*** Opening Material shown ***
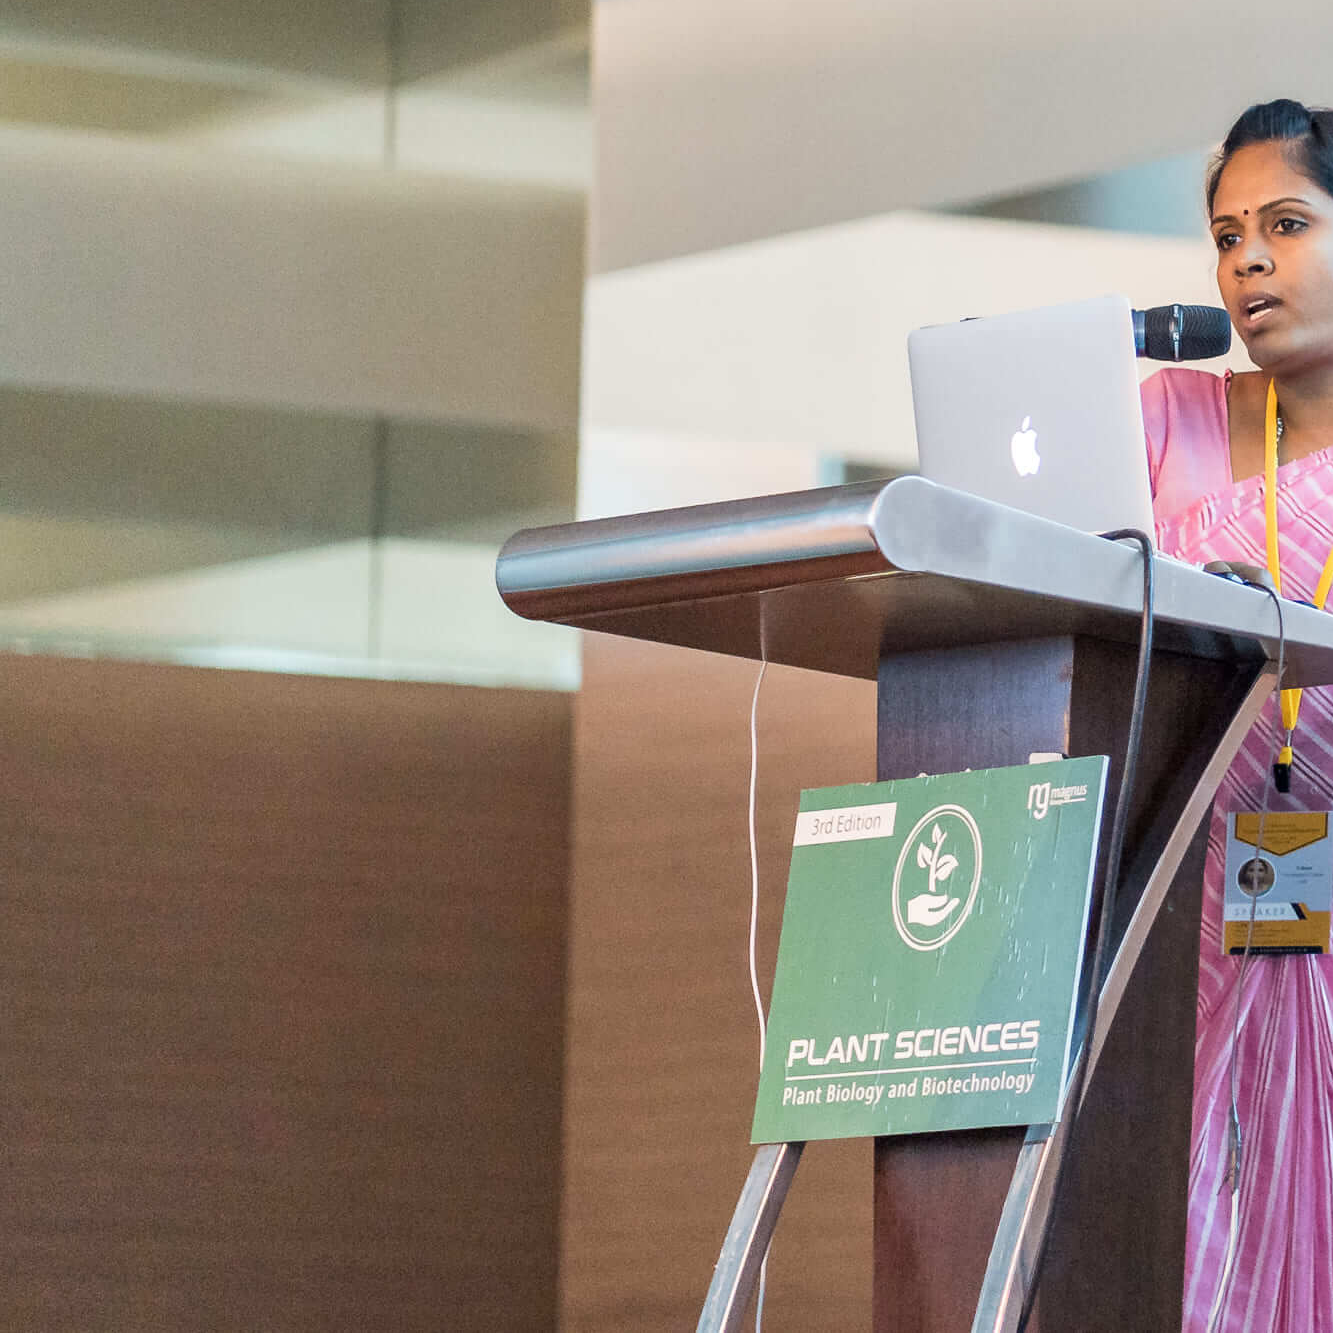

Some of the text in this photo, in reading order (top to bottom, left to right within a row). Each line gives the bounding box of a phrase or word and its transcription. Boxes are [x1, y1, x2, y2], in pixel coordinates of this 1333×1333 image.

[810, 812, 882, 837] 3rd Edition
[1234, 907, 1286, 916] SPAKER
[786, 1020, 1040, 1068] PLANT SCIENCES
[782, 1071, 1036, 1106] Plant Biology and Biotechnology
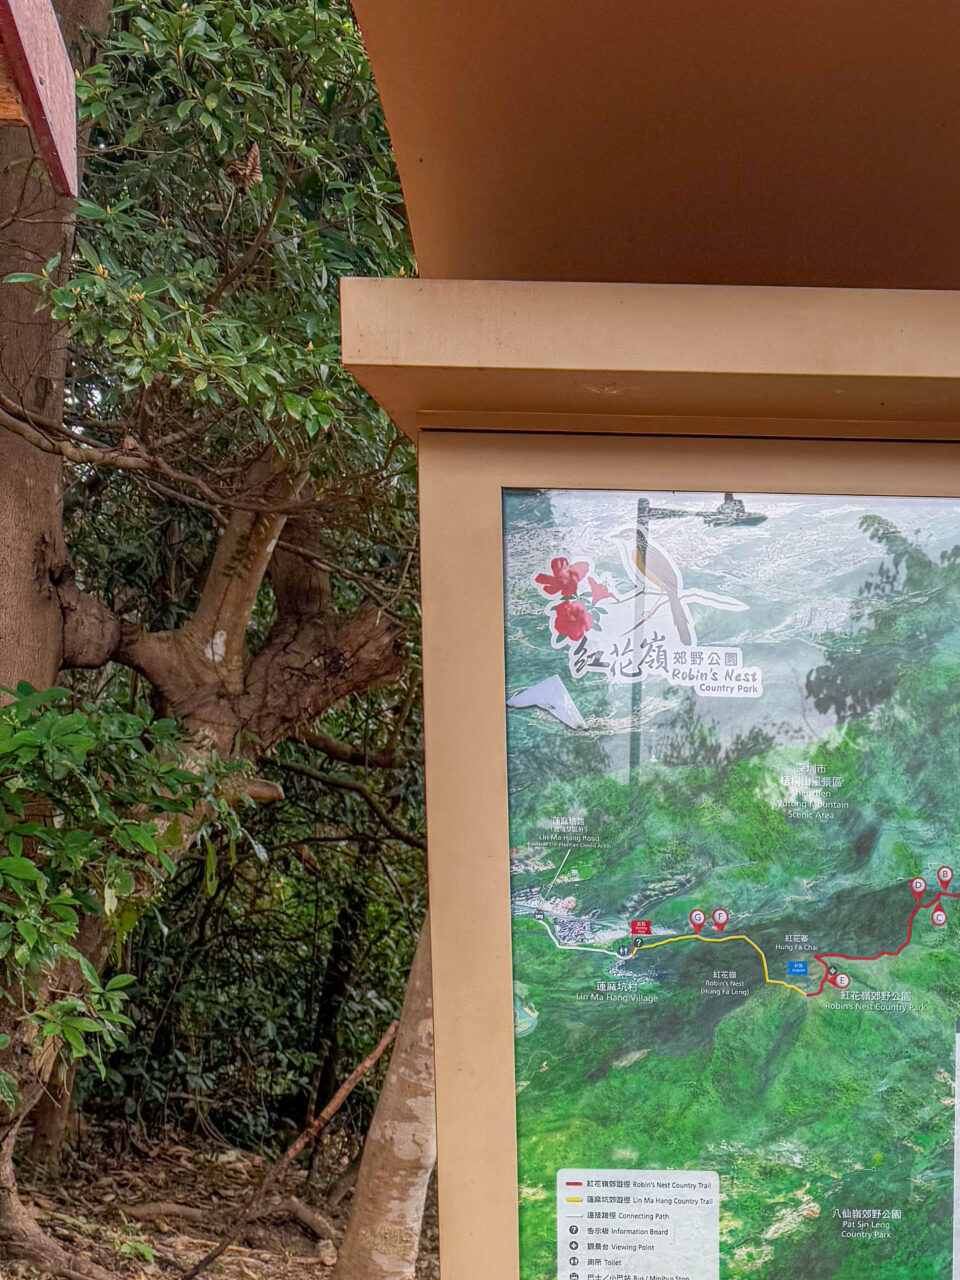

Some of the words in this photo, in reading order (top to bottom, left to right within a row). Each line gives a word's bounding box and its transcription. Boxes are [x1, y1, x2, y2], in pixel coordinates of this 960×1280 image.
*** Closing Material shown ***
Problem to solve: All entries are to be duplicated exactly, with the pictures left out.

Exercise solution:
Some of the text in this photo, in reading order (top to bottom, left to right within a row). Each line gives the bounding box of a phrase or word and its transcription. Boxes are [x1, y1, x2, y2], in pixel coordinates of this 1333×1333 image.

[810, 812, 882, 837] 3rd Edition
[1234, 907, 1286, 916] SPAKER
[786, 1020, 1040, 1068] PLANT SCIENCES
[782, 1071, 1036, 1106] Plant Biology and Biotechnology

Some of the words in this photo, in reading order (top to bottom, left to right within a row). Each line gives a word's bounding box and its transcription. Boxes are [x1, y1, x2, y2], in pixel coordinates of this 960×1280 image.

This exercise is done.